Во второй новелле, «Время свободы», телесность почти так же обреченно статична и, вдобавок, ритуальна: движения куртизанки поставлены в традиционный, почти музейный «режим» — манеры, пение, жесты подчинены установленному порядку, движения точны как элементы традиционного танца. «Околомузейная» пластика тела создает ощущение отставшего, ретроградного времени, где даже телесность удерживает эпоху в статике.
Третья часть, «Время юности», меняет темп телесного языка на противоположный: тела быстры, интимность импульсивна. Тело здесь — индикатор того самого «голодного настоящего»: оно само, как и время, производит ощущение мгновенной смены, когда события не укладываются в связную последовательность.

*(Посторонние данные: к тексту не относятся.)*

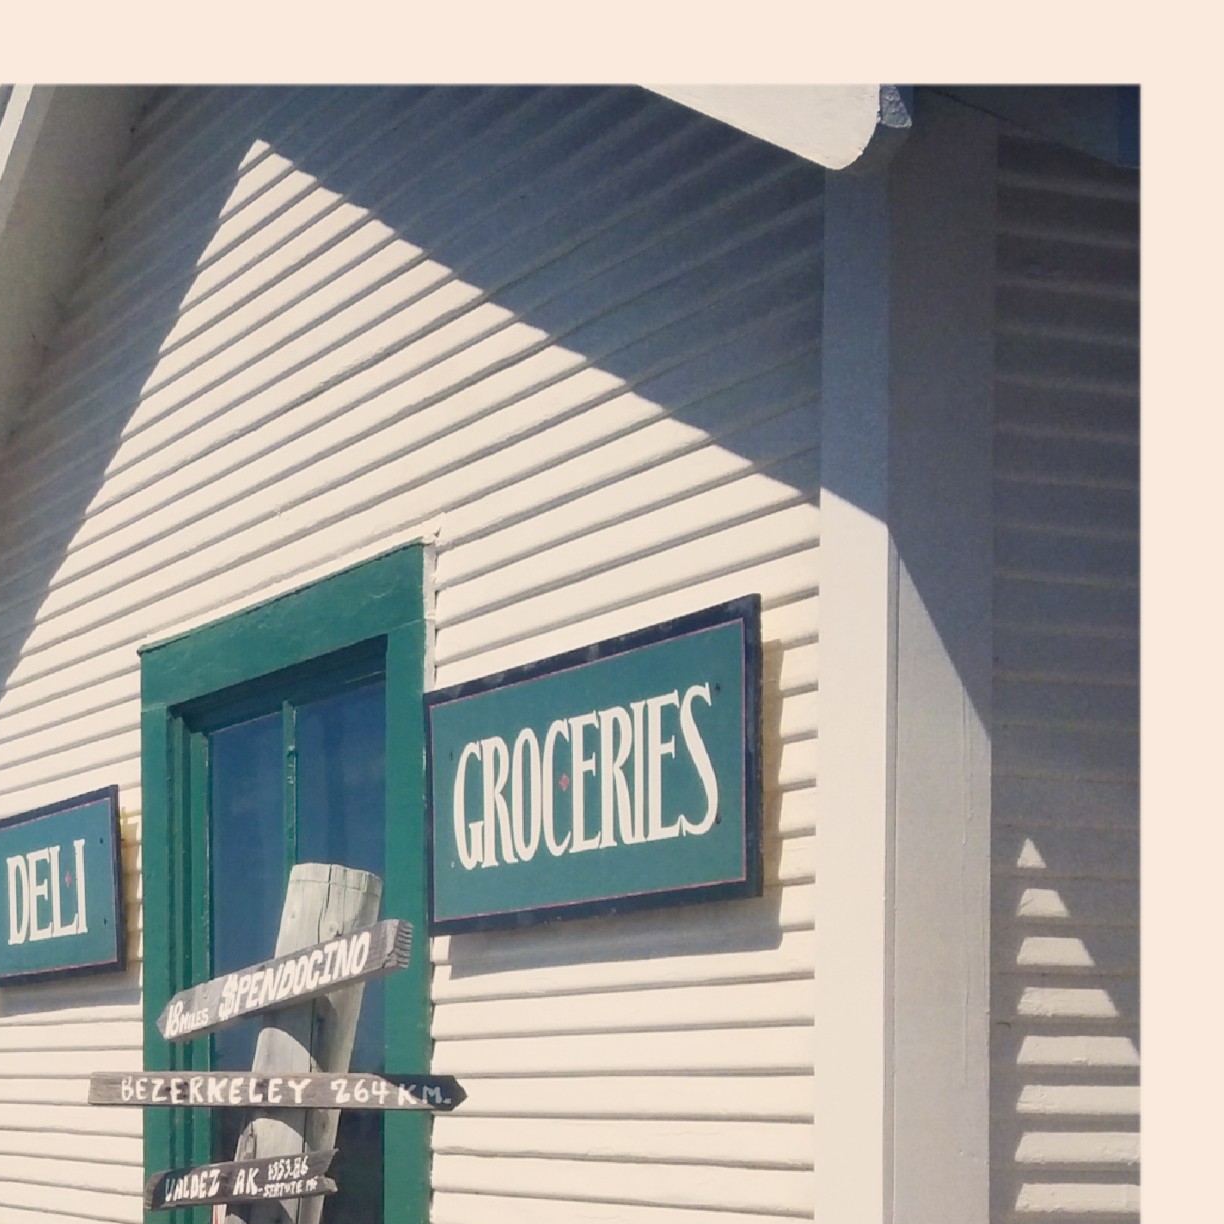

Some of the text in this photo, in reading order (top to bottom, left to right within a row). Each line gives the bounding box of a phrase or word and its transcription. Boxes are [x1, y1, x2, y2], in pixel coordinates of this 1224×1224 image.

[453, 682, 722, 871] GROCERIES
[7, 838, 87, 945] DELI
[122, 1076, 311, 1104] BEZERKELEY
[331, 1082, 389, 1103] 264

Как уже было упомянуто ранее, знакомые зрителю мимические штрихи одних и тех же актеров обретают разные «смысловые веса» в разных контекстах, и это повторение усиливает ощущение времени как вариации одной темы.
«Три времени». Части «Время любви» и «Время юности». Хоу Сяосянь. 2005.
Пространство и цвет
Пространство в фильме «ритмизует» само время: каждый интерьер и город — другая тактовая доля, другая модальность бытия, через которую мы переживаем эпоху. Локальная бильярдная, камерный салон прошлого и современный город образуют пространственную трилогию, в которой место действия само по себе сообщает о ходе времени: не через титры или прямые указания, а через ритм перемещений внутри него.

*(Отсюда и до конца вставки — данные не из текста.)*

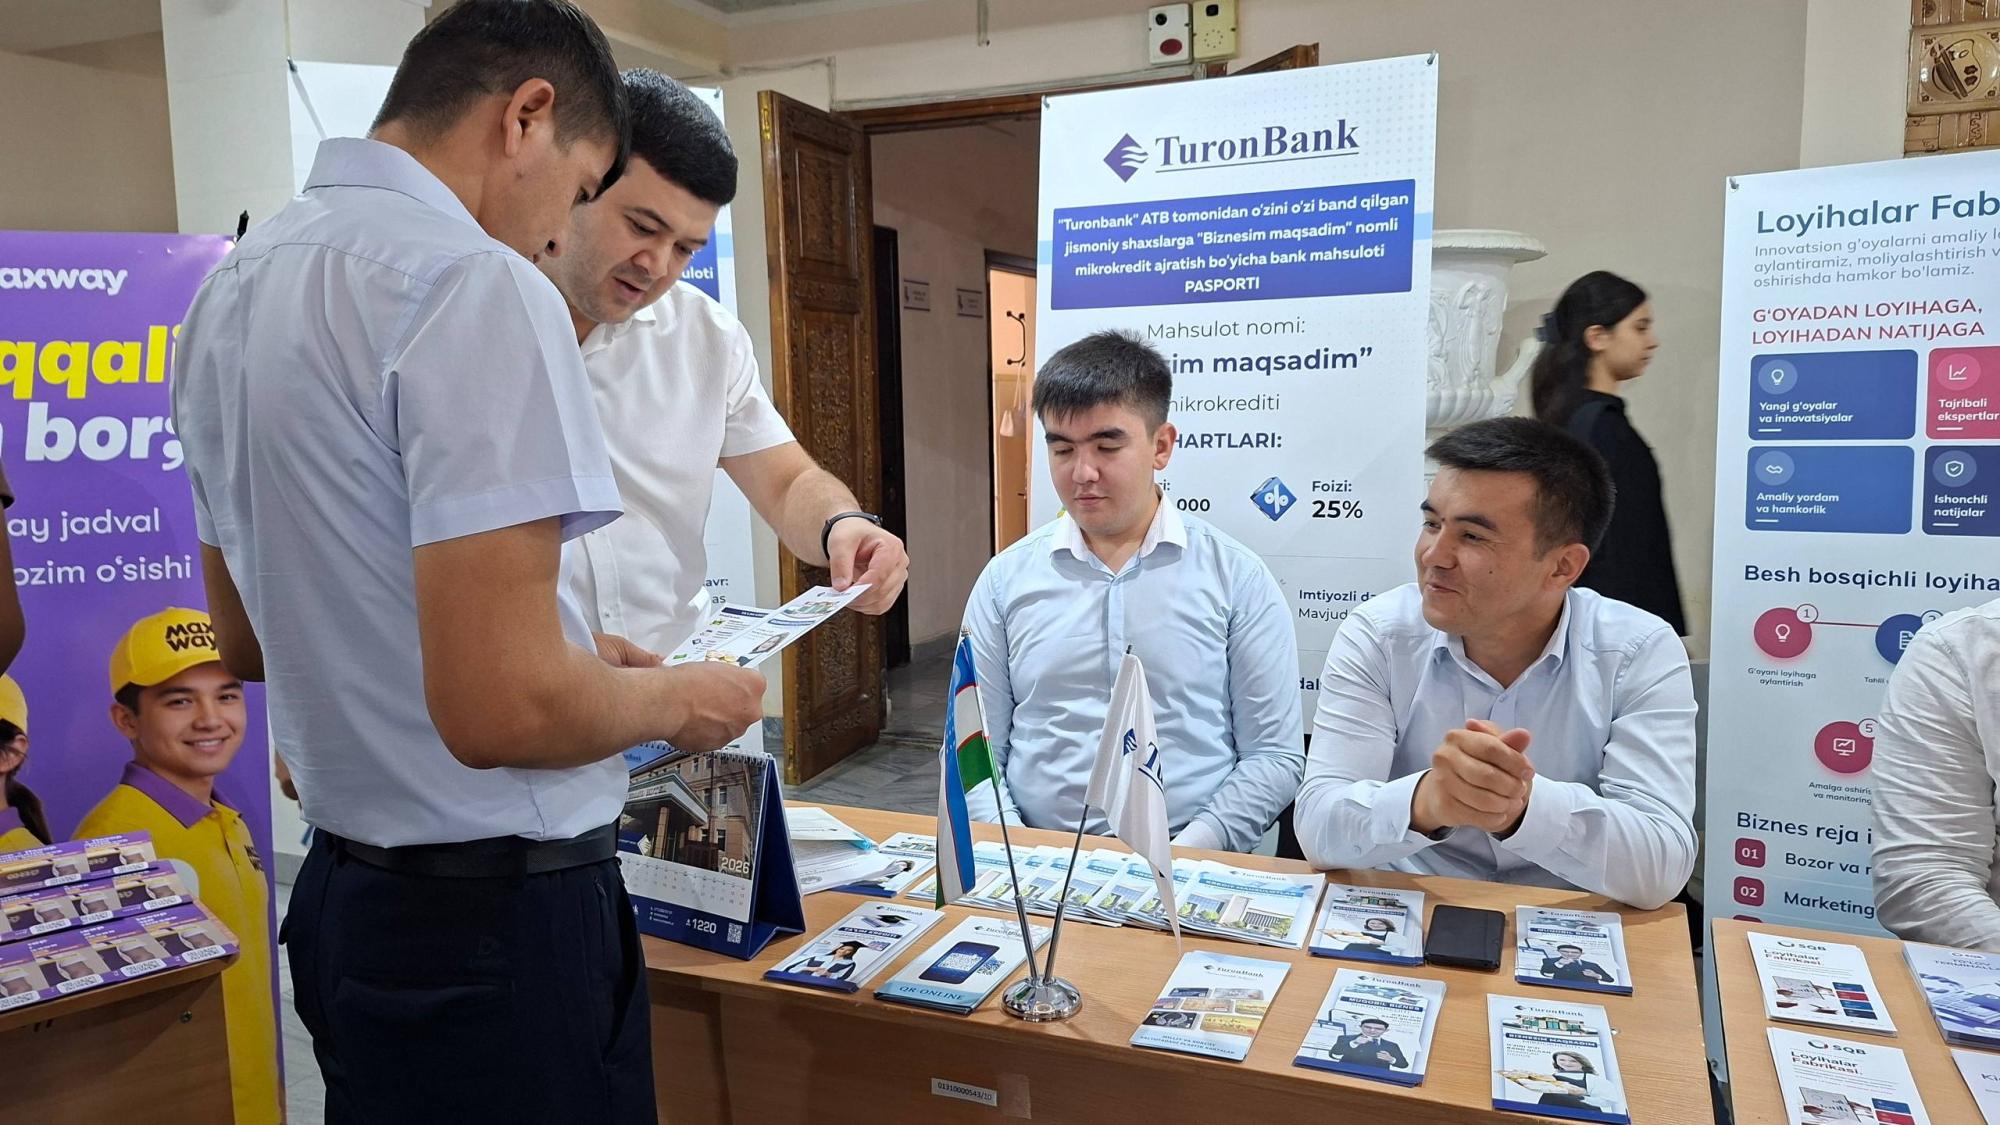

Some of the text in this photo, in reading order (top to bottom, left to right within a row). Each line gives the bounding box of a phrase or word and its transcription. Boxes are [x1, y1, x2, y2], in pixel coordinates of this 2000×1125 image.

[1156, 119, 1359, 167] TuronBank
[1059, 213, 1138, 231] "Turonbank"
[1141, 212, 1169, 225] ATB
[1172, 206, 1248, 224] tomonidan
[1319, 196, 1356, 211] band
[1360, 193, 1408, 212] qilgan
[1758, 200, 1920, 237] Loyihalar
[1064, 218, 1398, 257] jismoniy shaxslarga "Biznesim maqsadim" nomli
[1755, 241, 1842, 257] Innovatsion
[1931, 229, 1988, 244] amaliy
[1075, 259, 1151, 276] mikrokredit
[1154, 257, 1206, 274] ajratish
[1270, 249, 1306, 265] bank
[1310, 244, 1385, 262] mahsuloti
[1754, 256, 1852, 274] aylantiramiz,
[1857, 246, 1985, 267] moliyalashtirish
[1185, 277, 1260, 293] PASPORTI
[1754, 273, 1831, 288] oshirishda
[1836, 269, 1896, 282] hamkor
[1865, 299, 1983, 317] LOYIHAGA,
[1147, 317, 1305, 339] Mahsulot nomi:
[1752, 322, 1985, 344] LOYIHADAN NATIJAGA
[1168, 358, 1203, 374] im
[1760, 401, 1789, 412] Yangi
[1938, 398, 1987, 410] Tajribali
[1759, 413, 1853, 424] va innovatsiyalar
[1938, 412, 2000, 422] ekspertlar
[1312, 480, 1353, 493] Foizi:
[1757, 492, 1839, 503] Amaliy yordam
[1934, 495, 1988, 504] Ishonchli
[1177, 498, 1210, 512] 000
[1311, 499, 1364, 519] 25%
[1772, 504, 1826, 514] hamkorlik
[1934, 508, 1985, 518] natijalar
[60, 507, 160, 542] jadval
[1745, 565, 2000, 593] Besh bosqichli loyiha
[1299, 590, 1356, 602] Imtiyozli
[1298, 608, 1348, 621] Mavjud
[1804, 609, 1809, 618] 1
[1781, 669, 1816, 679] loyihaga
[1760, 678, 1803, 687] aylantirish
[1866, 724, 1873, 733] 5
[1809, 781, 1843, 792] Amalga
[1826, 793, 1872, 805] monitoring
[1737, 812, 1808, 836] Biznes
[1816, 825, 1859, 844] reja
[1742, 847, 1759, 860] 01
[721, 857, 749, 873] 2026
[1786, 852, 1832, 870] Bozor
[1839, 861, 1859, 874] va
[1740, 885, 1757, 898] 02
[1784, 891, 1875, 919] Marketing
[692, 918, 717, 934] 1220
[1799, 943, 1827, 951] SQB
[1764, 949, 1820, 960] Loyihalar
[1832, 1044, 1867, 1055] SQB
[1791, 1051, 1858, 1068] Loyihalar

Оттенки цвета в фильме переходят от теплых к холодным, подчеркивая эмоциональные тона. Первый эпизод («Время любви») изобилует зеленым и желтоватым. Во втором эпизоде («Время свободы») доминирует красный: интерьер борделя, традиционные фонари и костюмы выполнены в теплых красно-оранжевых тонах. Наконец, третий эпизод облит синими и серыми тонами: ночной Тайбэй, неоновые вывески, холодное сияние мониторов. Холодно-резкие цвета подчеркивают уже другое настроение — технологичный, хаотичный и немного меланхоличный мир современной «свободы».
По итогу Хоу Сяосянь создает не три отдельные картины, а сложную мозаику, где личное и историческое сплавлены. Главная ценность фильма — в воспроизведении сходств и различий между тремя эпизодами: от цвета, композиции кадров, звука (или его отсутствия) до способов передачи чувств и исторического контекста. Границы времен четко обозначены, мы почти не видим само «течение», но всегда понимаем, когда перебрасываемся в другую историю — даже если действующие лица оказываются визуально неотличимы.
«Яркий летний день»
Эдвард Янг 1991
«Яркий летний день», разворачивающийся в Тайбэе 1960–61 гг., одновременно показывает исторический контекст и личное время героя-подростка. Время — не фон, а активная сила: оно отмеряется не датами, а утратой детской невинности и нарастающей тяжестью повседневности. Фильм открыто связывает интимное и общественное так, что перемены сердечно-личного роста читаются как отпечатки большой истории.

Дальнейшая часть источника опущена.